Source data
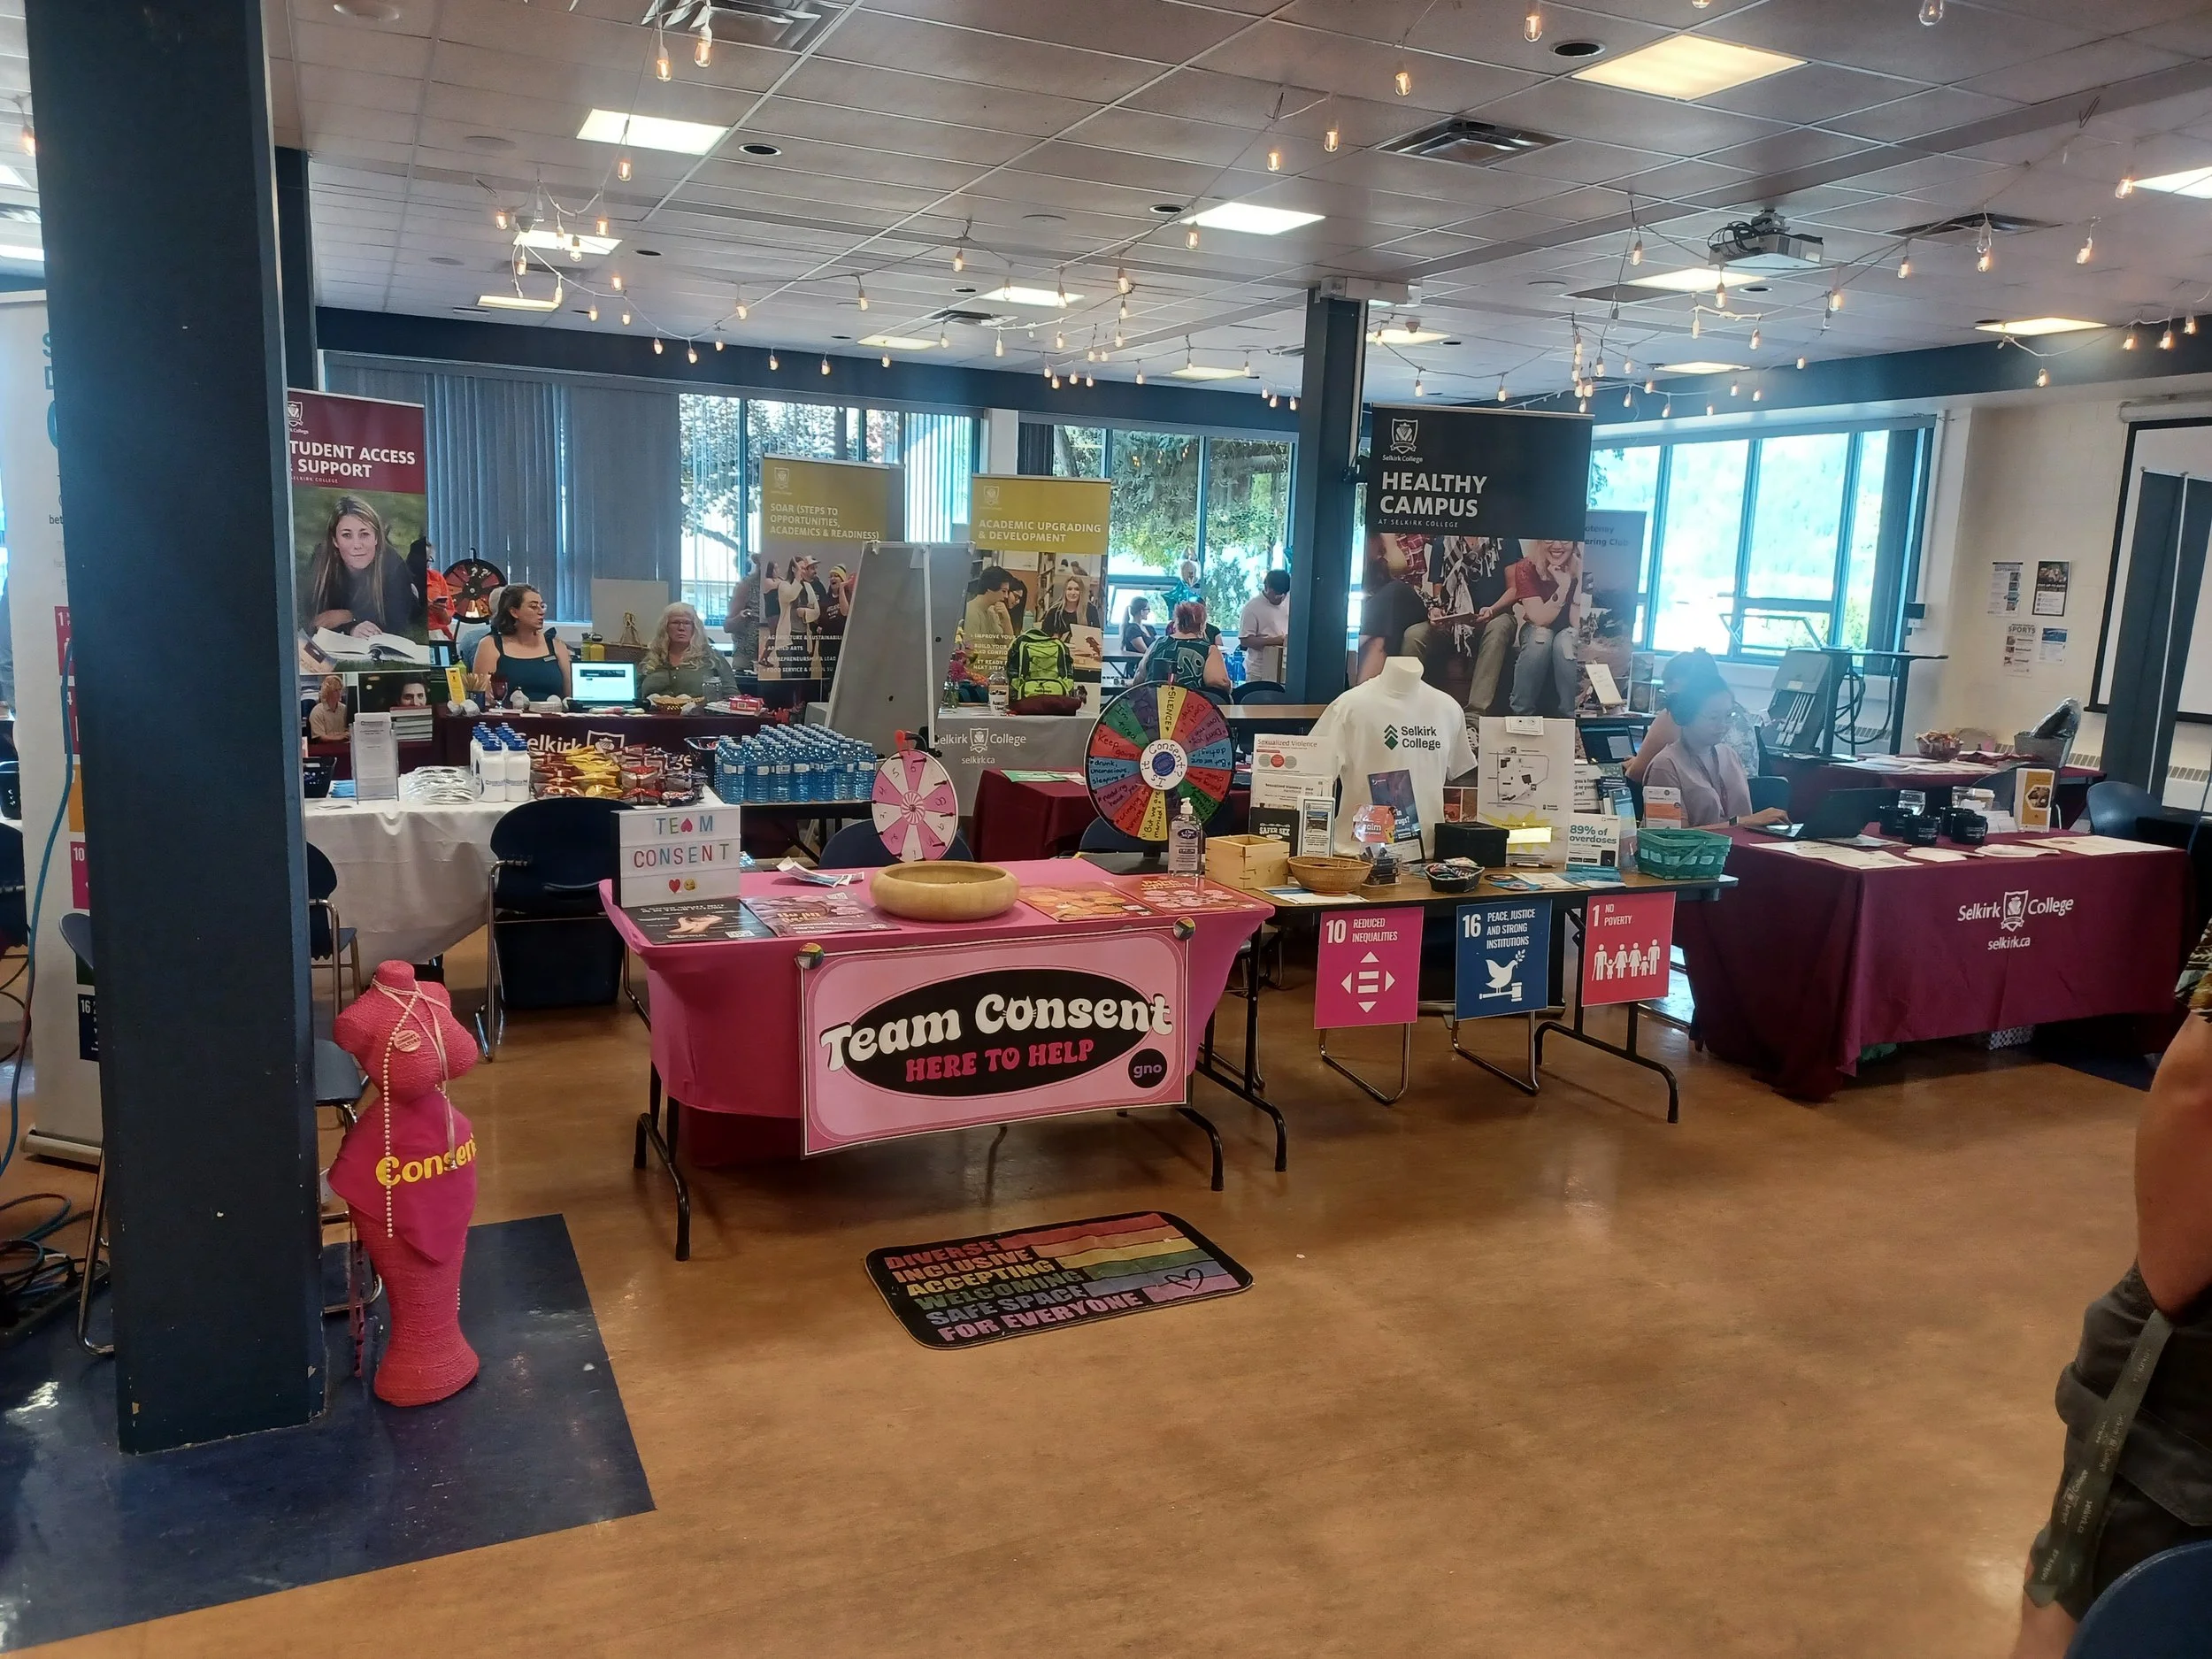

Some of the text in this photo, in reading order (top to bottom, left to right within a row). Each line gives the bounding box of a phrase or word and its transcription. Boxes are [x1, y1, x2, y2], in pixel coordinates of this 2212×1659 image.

[289, 440, 416, 465] TUDENT ACCESS
[1402, 455, 1423, 464] College
[298, 458, 372, 478] SUPPORT
[1382, 472, 1488, 494] HEALTHY
[770, 503, 795, 513] SOAR
[796, 504, 825, 515] (STEPS
[1380, 495, 1478, 518] CAMPUS
[50, 515, 64, 524] bet
[770, 515, 841, 527] OPPORTUNITIES,
[979, 519, 1102, 533] ACADEMIC UPGRADING
[770, 526, 820, 537] ACADEMICS
[831, 531, 879, 540] READINESS)
[979, 531, 1066, 542] & DEVELOPMENT
[1585, 538, 1607, 547] ering
[1402, 726, 1437, 736] Selkirk
[526, 734, 582, 752] elkirk
[989, 733, 1026, 747] College
[1258, 738, 1290, 747] Sexualized
[1402, 738, 1440, 750] College
[961, 756, 995, 764] selkirk.ca
[1149, 742, 1183, 779] Consent?
[1394, 816, 1410, 826] rugs?
[1259, 826, 1290, 836] SAFER SEX
[1570, 825, 1609, 837] 89% of
[1570, 835, 1617, 844] overdoses
[73, 847, 85, 862] 10
[634, 844, 729, 868] CONSENT
[1593, 903, 1615, 927] 1 NO
[1957, 897, 2074, 922] Selkirk College
[1462, 908, 1536, 938] 16 PEACE, JUSTICE
[1603, 915, 1632, 927] POVERTY
[1325, 918, 1386, 944] 10 REDUCED
[1486, 922, 1527, 936] AND STRONG
[1352, 931, 1398, 943] INEQUALITIES
[1486, 936, 1529, 949] INSTITUTIONS
[1987, 936, 2032, 950] selkirk.ca
[81, 1000, 90, 1014] 16
[819, 991, 1173, 1072] Team Consent
[905, 1039, 1095, 1083] HERE TO HELP
[1133, 1060, 1163, 1079] gno
[884, 1239, 1000, 1271] DIVERSE
[892, 1248, 1033, 1283] INCLUSIVE
[906, 1258, 1056, 1297] ACCEPTING
[913, 1271, 1085, 1310] WELCOMING
[926, 1285, 1087, 1325] SAFE SPACE
[937, 1292, 1144, 1343] FOR EVERYONE

*YOUR ASSIGNMENT*.
A word-for-word transcript of the entries above is needed, with pictures removed.

*TASK RESPONSE*.
Some of the text in this photo, in reading order (top to bottom, left to right within a row). Each line gives the bounding box of a phrase or word and its transcription. Boxes are [x1, y1, x2, y2], in pixel coordinates of this 2212×1659 image.

[289, 440, 416, 465] TUDENT ACCESS
[1402, 455, 1423, 464] College
[298, 458, 372, 478] SUPPORT
[1382, 472, 1488, 494] HEALTHY
[770, 503, 795, 513] SOAR
[796, 504, 825, 515] (STEPS
[1380, 495, 1478, 518] CAMPUS
[50, 515, 64, 524] bet
[770, 515, 841, 527] OPPORTUNITIES,
[979, 519, 1102, 533] ACADEMIC UPGRADING
[770, 526, 820, 537] ACADEMICS
[831, 531, 879, 540] READINESS)
[979, 531, 1066, 542] & DEVELOPMENT
[1585, 538, 1607, 547] ering
[1402, 726, 1437, 736] Selkirk
[526, 734, 582, 752] elkirk
[989, 733, 1026, 747] College
[1258, 738, 1290, 747] Sexualized
[1402, 738, 1440, 750] College
[961, 756, 995, 764] selkirk.ca
[1149, 742, 1183, 779] Consent?
[1394, 816, 1410, 826] rugs?
[1259, 826, 1290, 836] SAFER SEX
[1570, 825, 1609, 837] 89% of
[1570, 835, 1617, 844] overdoses
[73, 847, 85, 862] 10
[634, 844, 729, 868] CONSENT
[1593, 903, 1615, 927] 1 NO
[1957, 897, 2074, 922] Selkirk College
[1462, 908, 1536, 938] 16 PEACE, JUSTICE
[1603, 915, 1632, 927] POVERTY
[1325, 918, 1386, 944] 10 REDUCED
[1486, 922, 1527, 936] AND STRONG
[1352, 931, 1398, 943] INEQUALITIES
[1486, 936, 1529, 949] INSTITUTIONS
[1987, 936, 2032, 950] selkirk.ca
[81, 1000, 90, 1014] 16
[819, 991, 1173, 1072] Team Consent
[905, 1039, 1095, 1083] HERE TO HELP
[1133, 1060, 1163, 1079] gno
[884, 1239, 1000, 1271] DIVERSE
[892, 1248, 1033, 1283] INCLUSIVE
[906, 1258, 1056, 1297] ACCEPTING
[913, 1271, 1085, 1310] WELCOMING
[926, 1285, 1087, 1325] SAFE SPACE
[937, 1292, 1144, 1343] FOR EVERYONE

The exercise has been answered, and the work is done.